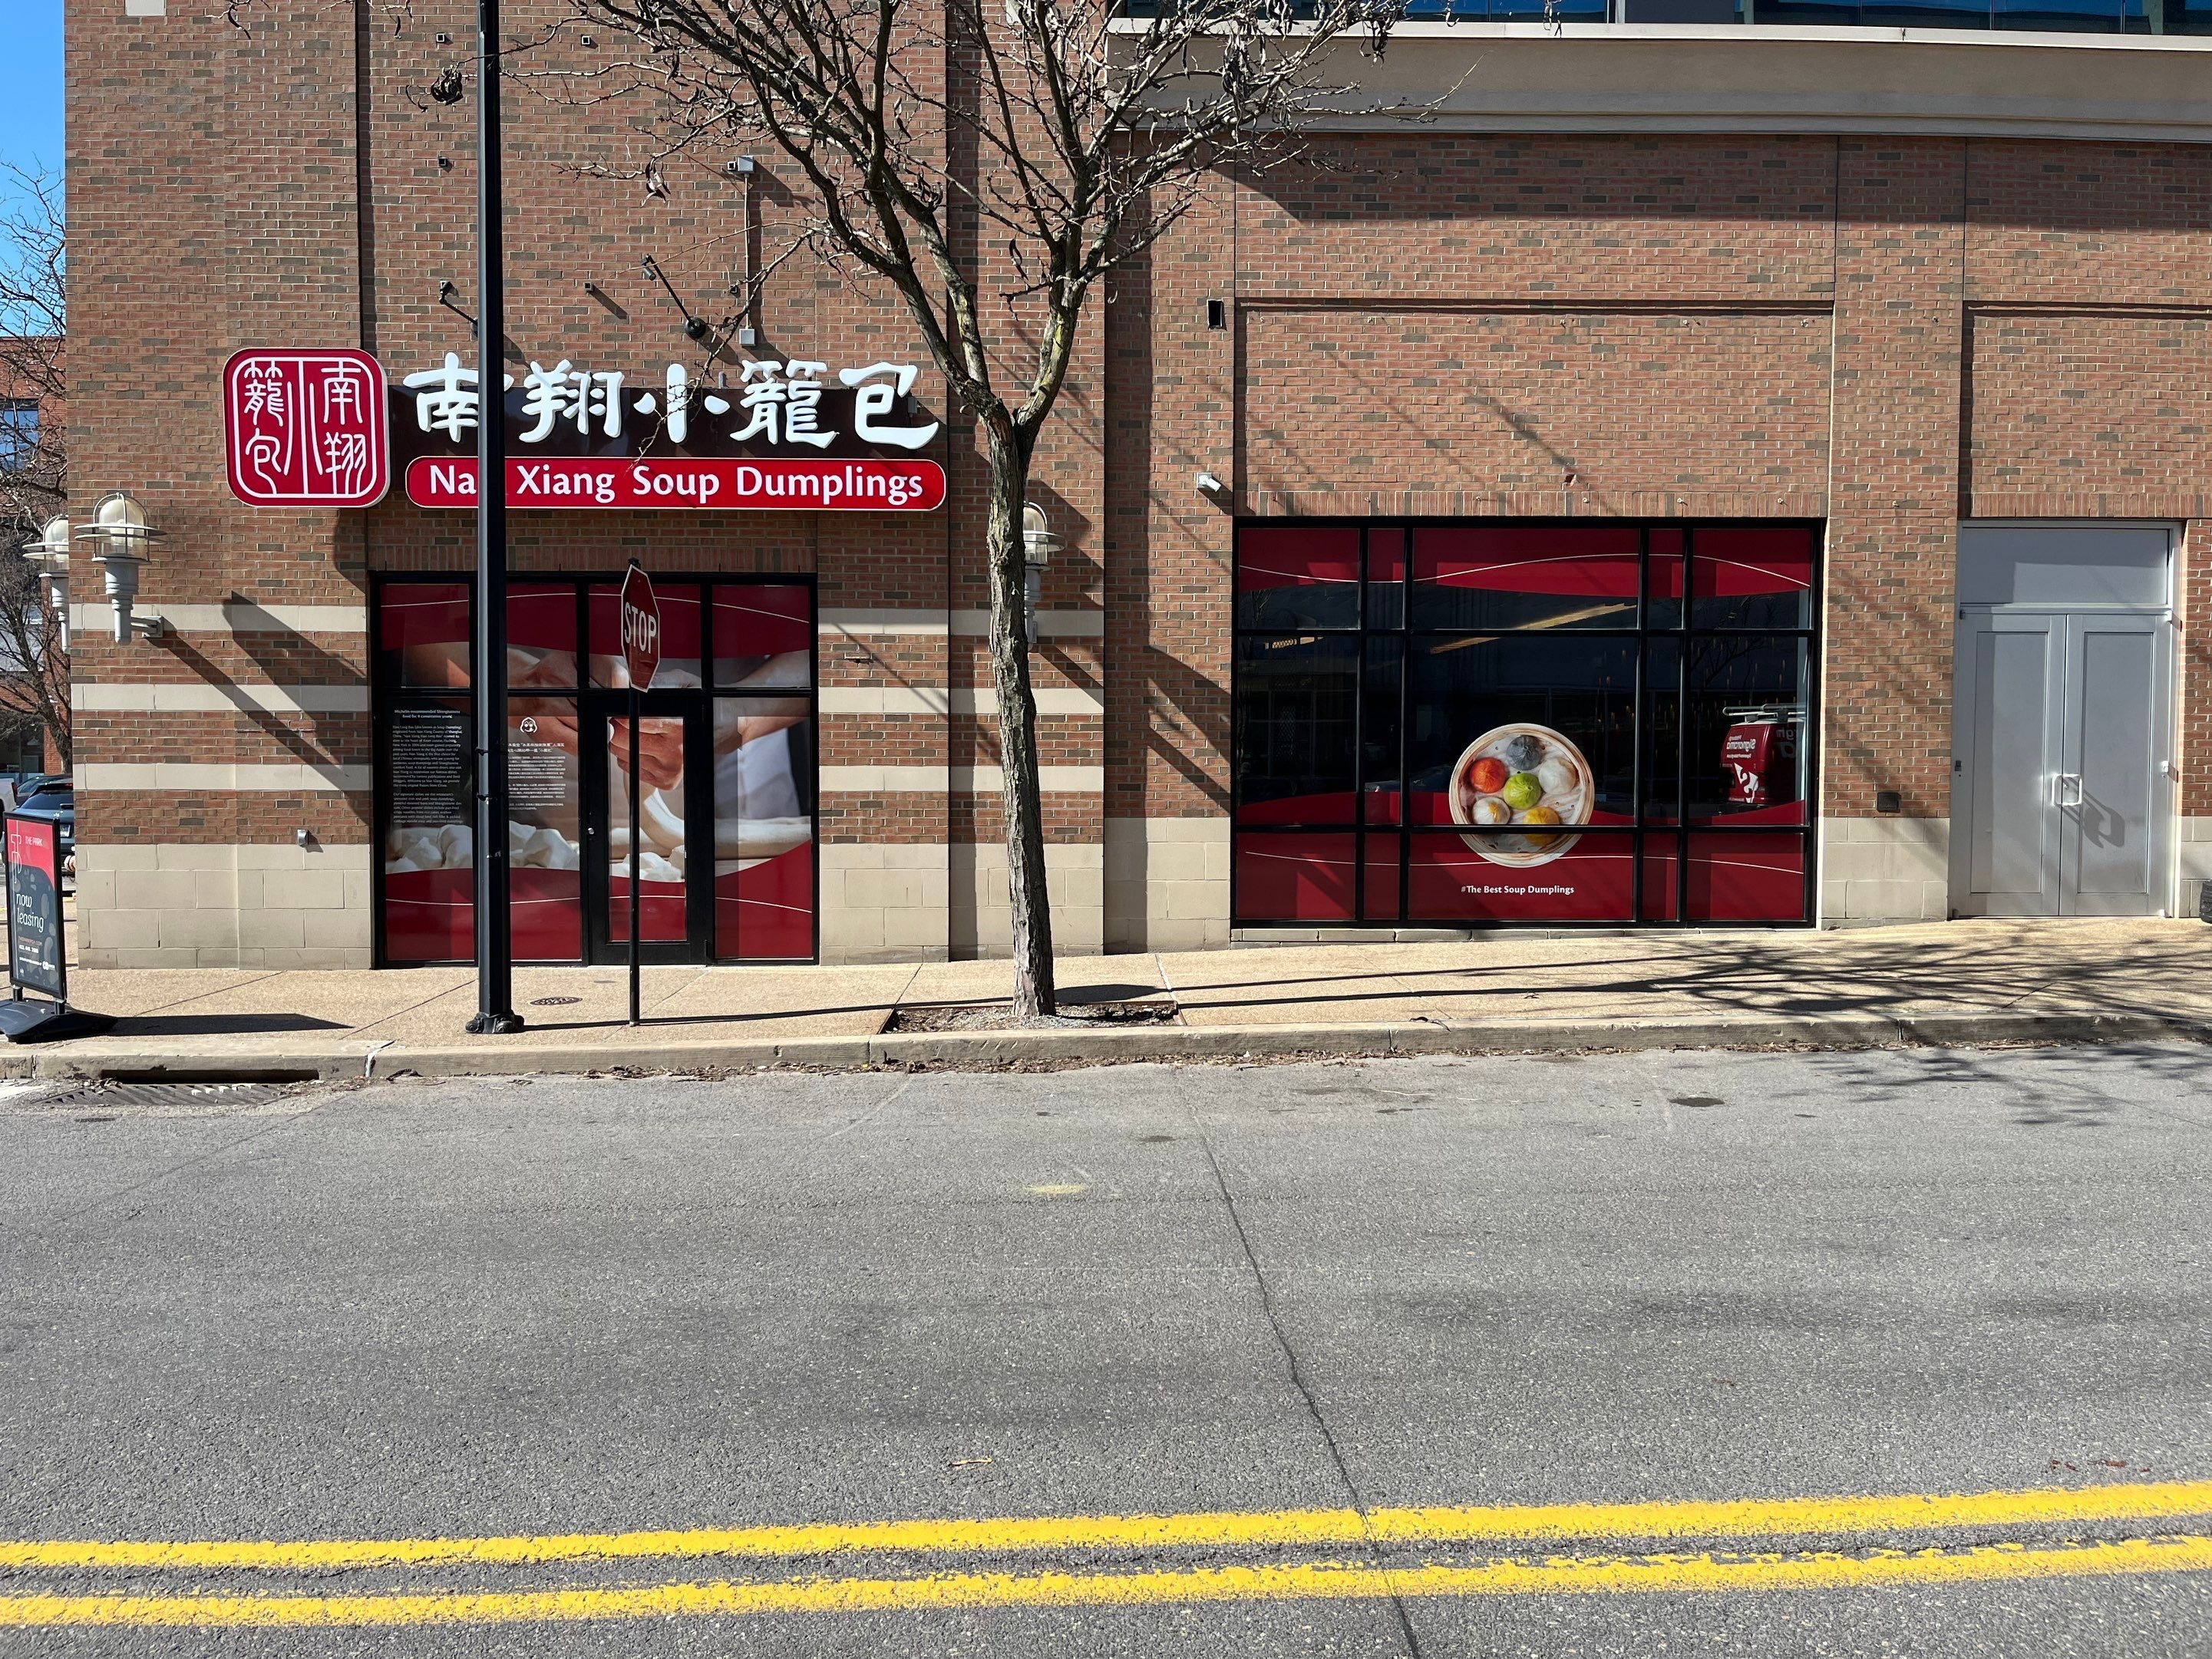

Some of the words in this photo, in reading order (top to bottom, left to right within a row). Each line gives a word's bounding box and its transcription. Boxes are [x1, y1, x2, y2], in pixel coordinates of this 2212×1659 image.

[430, 465, 476, 495] Na
[517, 464, 616, 504] Xiang
[632, 466, 720, 504] Soup
[737, 466, 923, 506] Dumplings
[624, 602, 657, 654] STOP
[16, 893, 32, 908] now
[1461, 886, 1482, 894] #The
[1484, 886, 1502, 894] Best
[1504, 886, 1526, 895] Soup
[1527, 886, 1574, 895] Dumplings
[17, 907, 45, 933] leasing
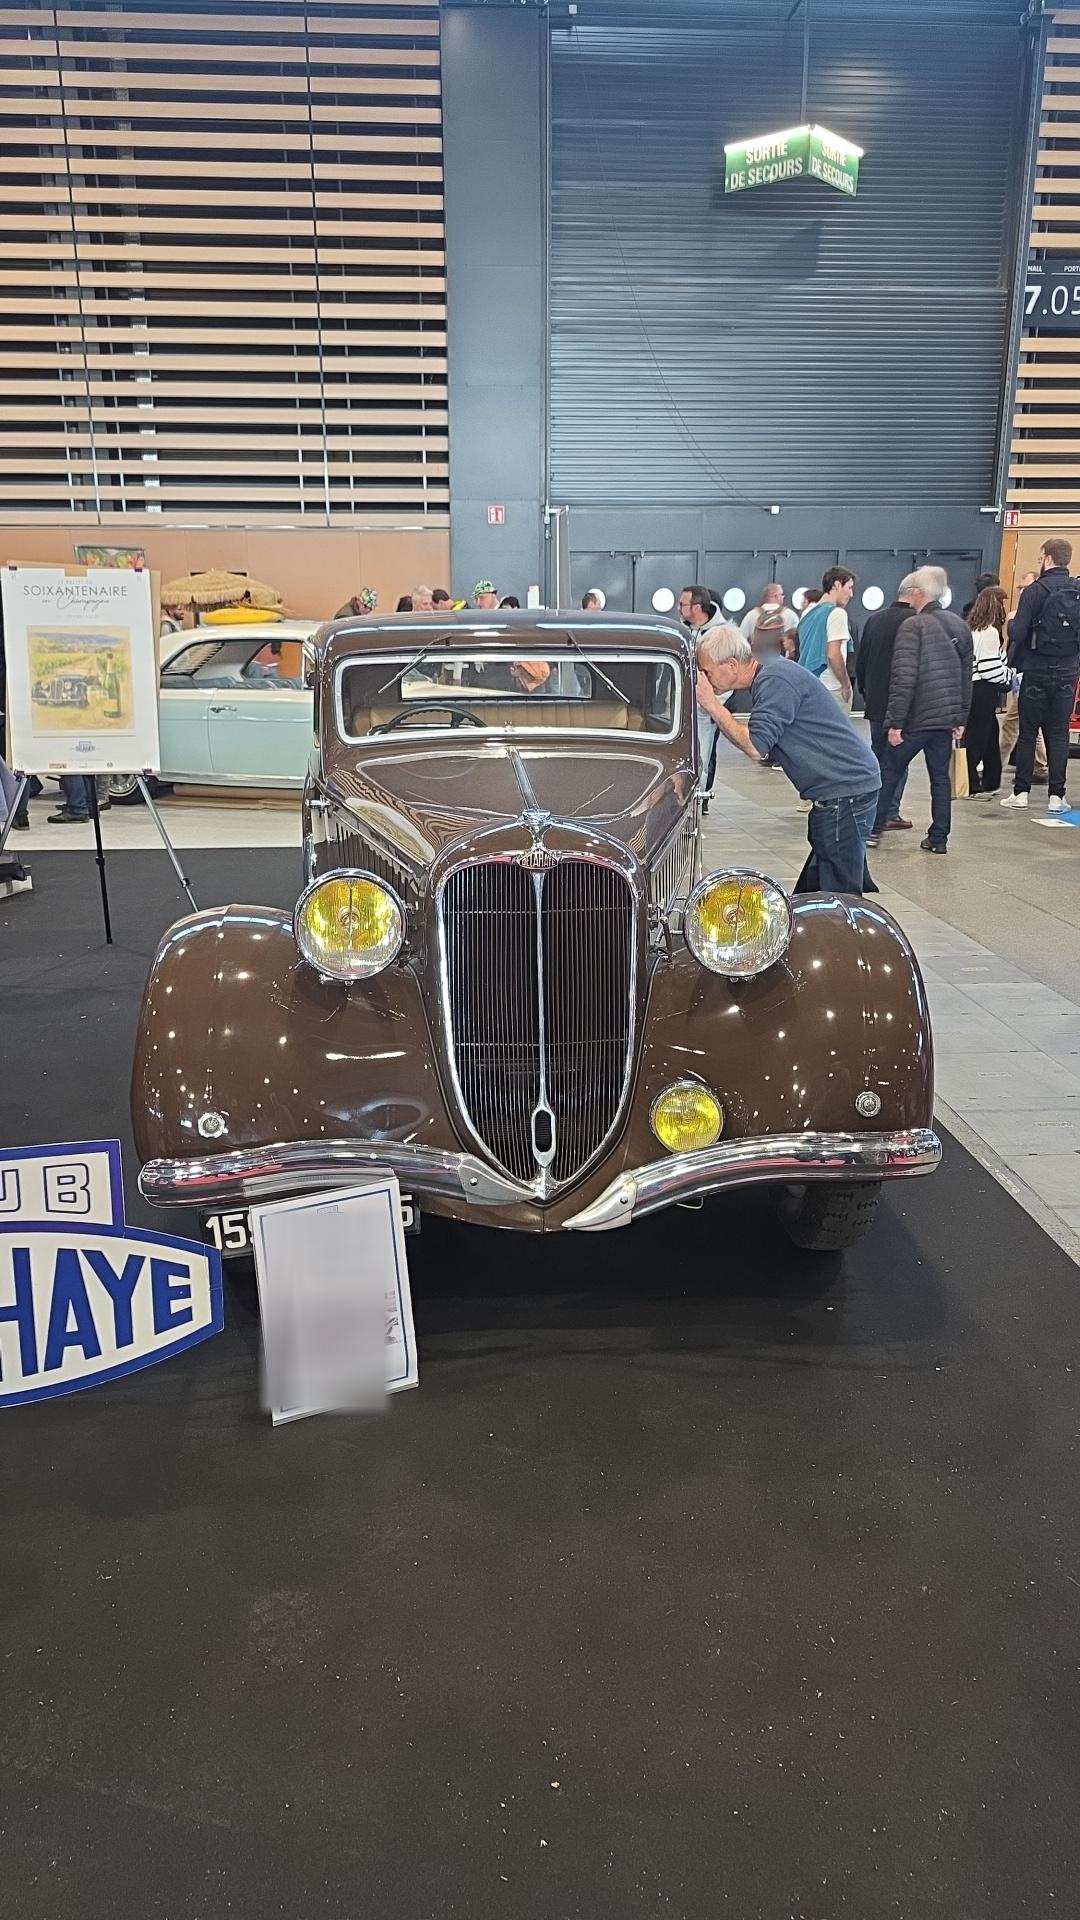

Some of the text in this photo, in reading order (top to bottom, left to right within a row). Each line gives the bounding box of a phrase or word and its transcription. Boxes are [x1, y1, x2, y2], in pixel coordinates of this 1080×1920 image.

[745, 141, 788, 164] SORTIE
[821, 143, 847, 166] SORTIE
[730, 157, 803, 190] DE SECOURS
[811, 155, 854, 193] DE SECOURS
[1027, 265, 1080, 273] HALL PORT
[1025, 285, 1080, 315] 7.05
[23, 585, 128, 597] SOIXANTENAIRE
[206, 1213, 254, 1250] 15
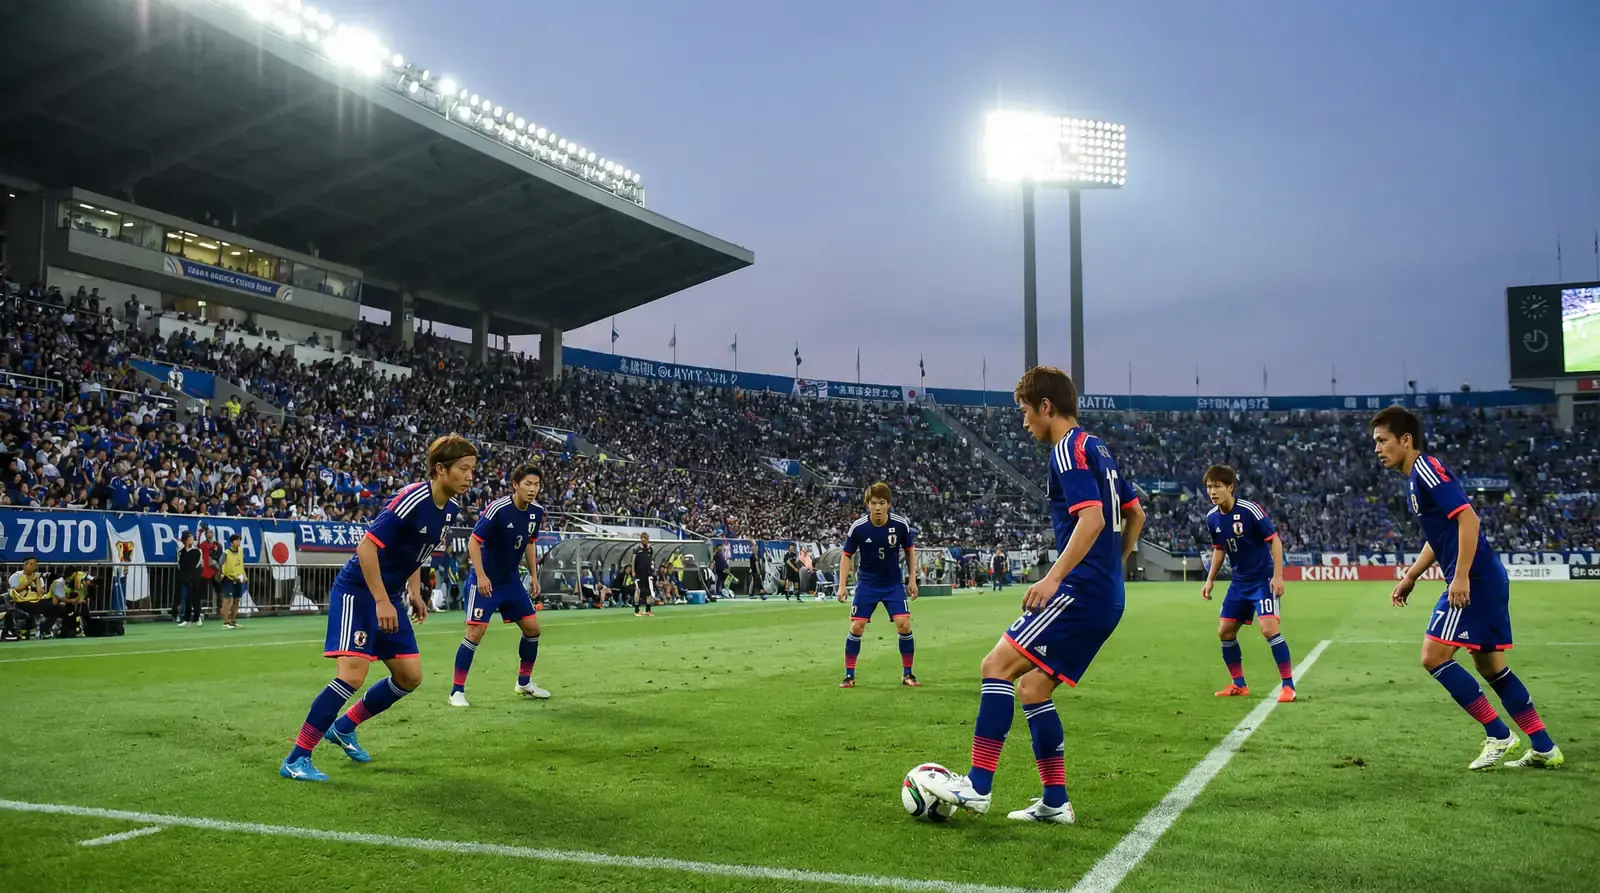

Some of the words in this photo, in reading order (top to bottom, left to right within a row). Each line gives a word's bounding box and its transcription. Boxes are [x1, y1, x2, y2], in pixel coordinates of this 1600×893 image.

= = = =

[TASK STATEMENT]: Repeat all entries exactly. Skip the pictures.

[ANSWER TO THIS PROBLEM]:
Some of the words in this photo, in reading order (top to bottom, left to right within a row). Each line gives a word's bounding box and its transcription. Boxes are [x1, y1, x2, y2], in pixel coordinates of this 2212×1659 image.

[430, 465, 476, 495] Na
[517, 464, 616, 504] Xiang
[632, 466, 720, 504] Soup
[737, 466, 923, 506] Dumplings
[624, 602, 657, 654] STOP
[16, 893, 32, 908] now
[1461, 886, 1482, 894] #The
[1484, 886, 1502, 894] Best
[1504, 886, 1526, 895] Soup
[1527, 886, 1574, 895] Dumplings
[17, 907, 45, 933] leasing

Some of the text in this photo, in reading order (top to bottom, left to right within a row). Each line gives the bounding box of a phrase or word and its transcription. Boxes are [x1, y1, x2, y2], in pixel coordinates of this 1080×1920 image.

[745, 141, 788, 164] SORTIE
[821, 143, 847, 166] SORTIE
[730, 157, 803, 190] DE SECOURS
[811, 155, 854, 193] DE SECOURS
[1027, 265, 1080, 273] HALL PORT
[1025, 285, 1080, 315] 7.05
[23, 585, 128, 597] SOIXANTENAIRE
[206, 1213, 254, 1250] 15

Some of the words in this photo, in reading order (top to bottom, left to right within a row). Each line gives a word's bounding box and its transcription. Boxes are [x1, y1, x2, y2], in pixel coordinates of this 1600×893 image.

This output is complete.